The application's speaker Recognition Technology is used the topological characteristic of the sound that calculates from single speaker, constitute one group of discrete rational number (for example integer) as each speaker's biometric features, and the speaker or the object that use these rational numbers to recognize to bear inspection.With never calculate in the various frequency spectrum analysis methods with the spectrum curve that obtains of speaker's sound between distance obviously different, this topological characteristic provides object and the model represented by one group of rational number or the one-to-one relationship between the vocal print.Therefore, can be at the rational number database of the incompatible formation of various applied field that comprises both speaker. identification and affirmation towards different known speaker.The database of this rational number is less with respect to the traditional personal voice database that uses in various frequency spectrum analysis methods.Each vocal print comprises the one group of discrete integer being used to distinguish speaker and other speakers or the topological parameter of rational number form, and obtains by the spectral function that embeds the voice sound of speaking.
In one embodiment, a kind of method that is used for determining by sound speaker ' s identity has been described.At first, extract one group of topological index by the spectral function that embeds the voice sound of speaking.Next, select the biometric features of topological index, be used for identification and confirm speaker and other speakers as the speaker.

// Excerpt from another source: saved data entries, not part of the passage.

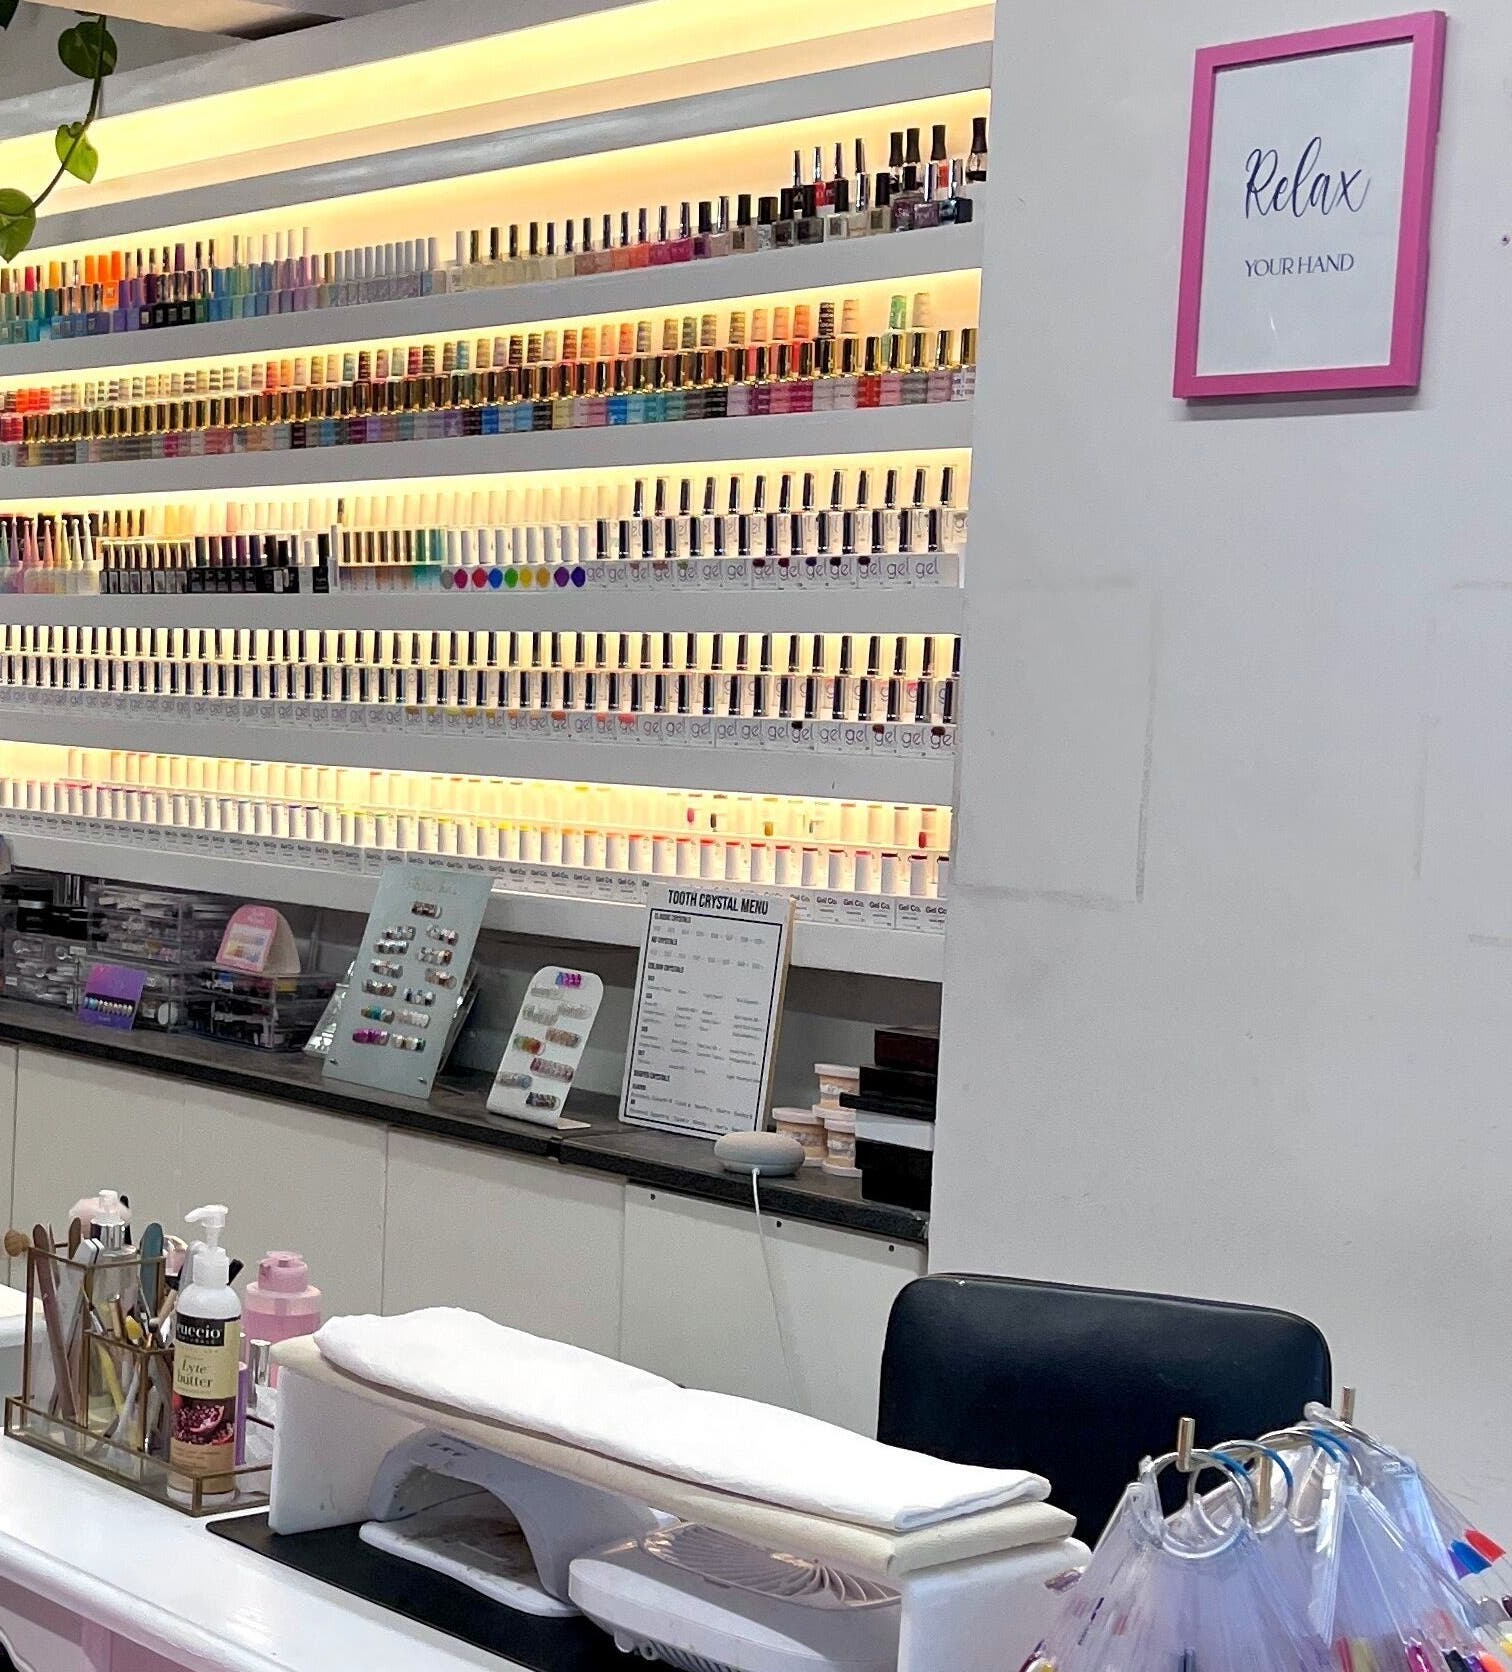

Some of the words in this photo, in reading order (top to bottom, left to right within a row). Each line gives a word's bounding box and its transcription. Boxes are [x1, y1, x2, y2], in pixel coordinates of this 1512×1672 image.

[1244, 136, 1371, 219] Relax
[1245, 257, 1294, 277] YOUR
[1297, 253, 1354, 274] HAND
[727, 559, 748, 580] gel
[806, 557, 827, 580] gel
[830, 557, 853, 580] gel
[859, 556, 882, 579] gel
[887, 557, 910, 579] gel
[915, 556, 939, 579] gel
[691, 717, 712, 738] gel
[717, 719, 737, 739] gel
[741, 720, 763, 740] gel
[767, 720, 789, 741] gel
[791, 723, 814, 743] gel
[819, 723, 842, 744] gel
[845, 723, 868, 745] gel
[874, 725, 897, 746] gel
[902, 727, 926, 748] gel
[930, 727, 957, 749] gel
[668, 889, 697, 907] TOOTH
[698, 893, 739, 912] CRYSTAL
[740, 898, 769, 916] MENU
[925, 906, 937, 914] Gel
[177, 1369, 212, 1388] butter
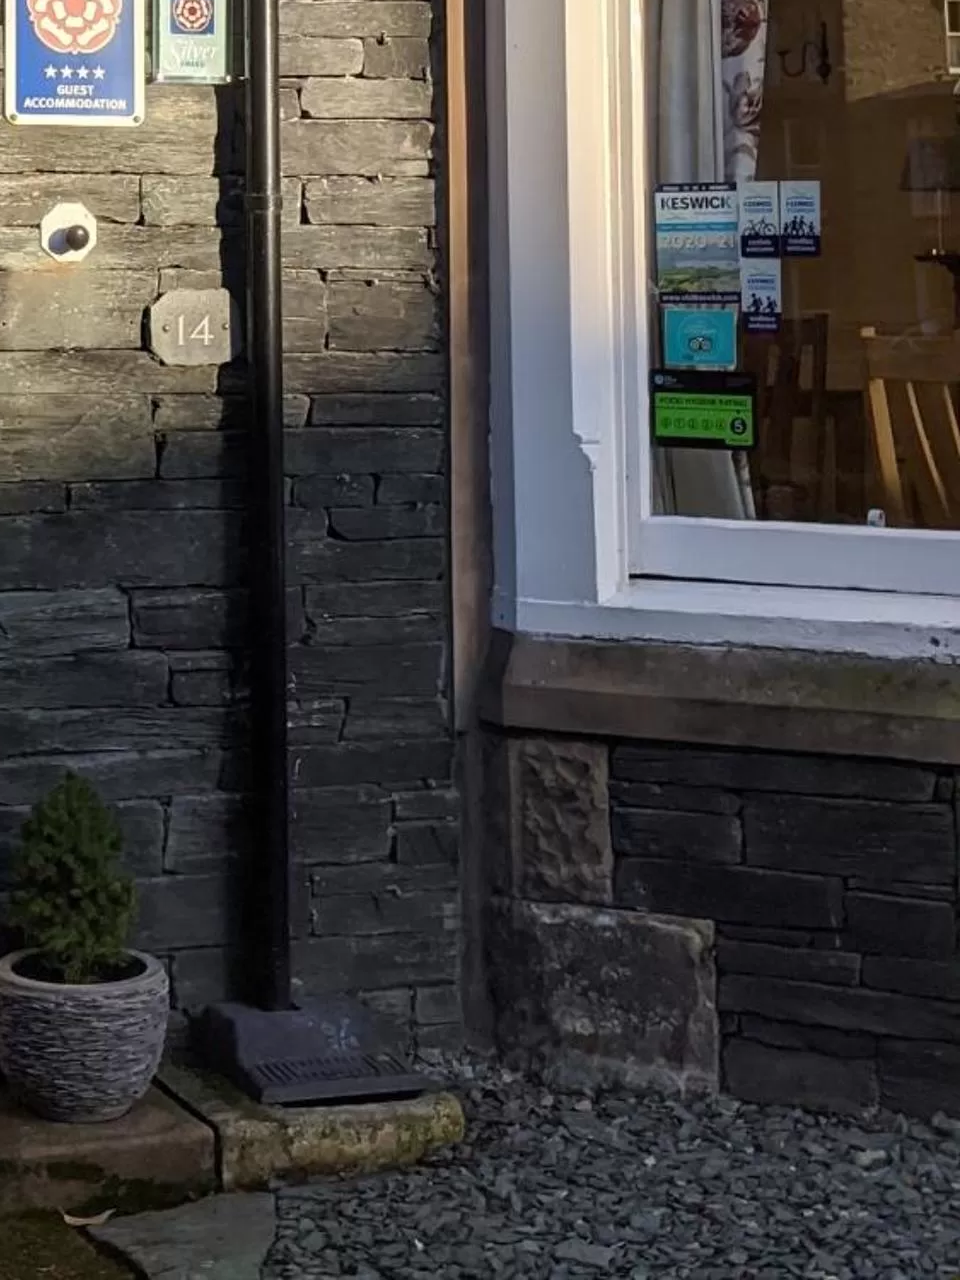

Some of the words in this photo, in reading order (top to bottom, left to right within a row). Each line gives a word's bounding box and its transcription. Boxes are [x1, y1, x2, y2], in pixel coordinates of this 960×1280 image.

In another embodiment, topological parameter is the rational number from for example integer of relative rotational (rrr) acquisition.Each object divides all that be equipped with can be by one group of rational number of brief Reconstruction of Discourse.The subclass of these numbers does not change with the difference of same speaker's language, and different with the difference of object.Like this, the size that can not consider the feature of database is set up a kind of standard method of describing sound.This group rational number that characterizes sound is very stable, can encode in various device (for example magnetic devices or printing equipment) at an easy rate.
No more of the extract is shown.